About this exercise: All records below are to be set down precisely as written, excluding pictures.

START Exercise inputs

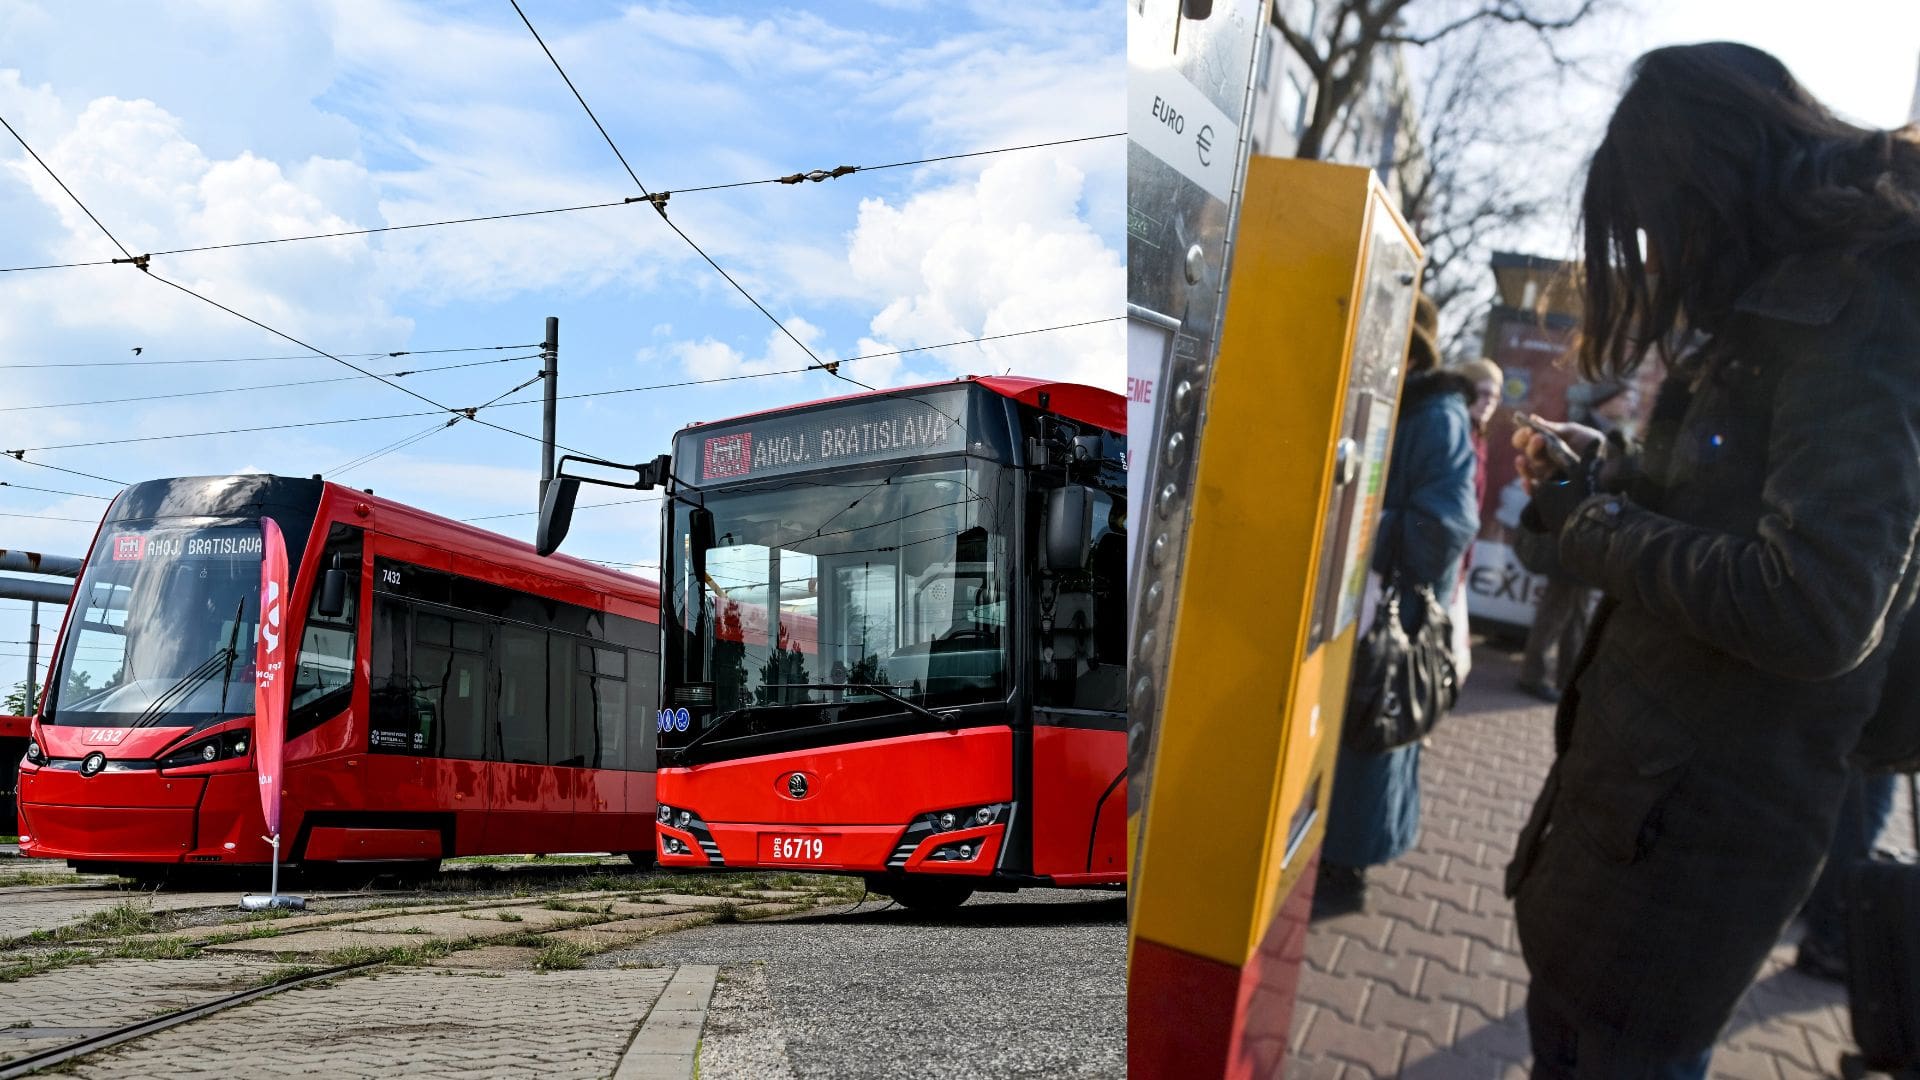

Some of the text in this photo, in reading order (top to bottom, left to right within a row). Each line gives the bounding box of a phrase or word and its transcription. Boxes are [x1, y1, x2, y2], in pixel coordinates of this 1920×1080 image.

[1152, 95, 1184, 135] EURO
[821, 411, 949, 458] BRATISLAVA
[188, 537, 263, 555] BRATISLAVA
[382, 569, 400, 585] 7432
[89, 729, 122, 742] 7432
[773, 837, 823, 859] DPB 6719

END Exercise inputs

Output for this exercise:
Some of the text in this photo, in reading order (top to bottom, left to right within a row). Each line gives the bounding box of a phrase or word and its transcription. Boxes are [x1, y1, x2, y2], in pixel coordinates of this 1920×1080 image.

[1152, 95, 1184, 135] EURO
[821, 411, 949, 458] BRATISLAVA
[188, 537, 263, 555] BRATISLAVA
[382, 569, 400, 585] 7432
[89, 729, 122, 742] 7432
[773, 837, 823, 859] DPB 6719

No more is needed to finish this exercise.